Secure Key Injection and Management

[!NOTE] For the latest implementation status, please refer to Functional Implementation Status (Remaining Functionality).

Creation date: 2026-03-04

Purpose: Provides recommended steps for safely injecting EVOSPIKENET_DATA_ENCRYPTION_KEY (used for DB/File-at-rest data encryption) into a production environment.

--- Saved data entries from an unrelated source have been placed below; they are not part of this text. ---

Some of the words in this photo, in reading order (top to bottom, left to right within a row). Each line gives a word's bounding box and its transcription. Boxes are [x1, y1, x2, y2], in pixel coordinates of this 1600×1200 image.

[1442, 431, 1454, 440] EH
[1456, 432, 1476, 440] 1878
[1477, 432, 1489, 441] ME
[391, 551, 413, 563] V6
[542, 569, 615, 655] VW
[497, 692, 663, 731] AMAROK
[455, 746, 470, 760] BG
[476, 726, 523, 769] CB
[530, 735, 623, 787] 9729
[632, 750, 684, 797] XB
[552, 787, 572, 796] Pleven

Assumption: The application references the EVOSPIKENET_DATA_ENCRYPTION_KEY environment variable to read the key (32 bytes or more) for AES-256-GCM.

Recommended options:

1) HashiCorp Vault (recommended) - Store the key in the Vault and the application retrieves the secret from the Vault API on startup. - Benefits: dynamic rotation, access control, audit logging. - Simple steps: - Write secrets to Vault:

vault kv put secret/evospikenet data_key=0123456789abcdef0123456789abcdef0123456789abcdef0123456789abcdef
  • Retrieved from Vault when app starts (e.g. startup script):
export EVOSPIKENET_DATA_ENCRYPTION_KEY=$(vault kv get -field=data_key secret/evospikenet)
uvicorn evospikenet.api:app --port 8000
  • In Kubernetes, use vault-agent or vault-k8s to inject into Pods.

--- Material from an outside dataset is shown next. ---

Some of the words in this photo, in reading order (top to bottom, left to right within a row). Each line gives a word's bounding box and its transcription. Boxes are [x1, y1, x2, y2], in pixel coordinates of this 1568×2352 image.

2) AWS Secrets Manager / KMS - Advantages: Managed, KMS-based key management and high availability. - Steps: - Create secrets in Secrets Manager. - Grant SecretsManager:GetSecretValue permission to EC2/ECS/EKS instance profile and IAM role. - Get it using the aws CLI or SDK at startup and set it as an environment variable.

export EVOSPIKENET_DATA_ENCRYPTION_KEY=$(aws secretsmanager get-secret-value --secret-id evospikenet/data_key --query SecretString --output text)

3) GCP Secret Manager - In a GKE environment, use Workload Identity to inject secrets into Pods.

4) Kubernetes Secrets / External Secrets - Kubernetes Secret can be used as a short-term measure. - For long-term operation, it is recommended to link external-secrets or secrets-store-csi-driver with Vault/KMS.

Operational notes: - Use a key of at least 32 bytes (256 bits). - Environment variables remain in process memory in clear text, so if possible, consider a strategy to keep them within the process for a minimal amount of time and then zero them out of memory. - Prepare regular rotations and rotation plans (impact studies, re-encryption, rollout order). - Document operational procedures and avoid embedding secret references directly in CI/CD.

Verification procedure (simple):

  1. Create a local vault and register the key.
  2. Inject EVOSPIKENET_DATA_ENCRYPTION_KEY in the script and start the app.
  3. Save the artifact and check that the data column on the DB is encrypted (binary length has increased, etc.).
  4. Confirm that it can be decrypted using evospikenet.db.load_artifact_data.

If necessary, include this documentation in the appropriate location in docs/ and add a Vault example with a concrete Terraform / Kubernetes manifest.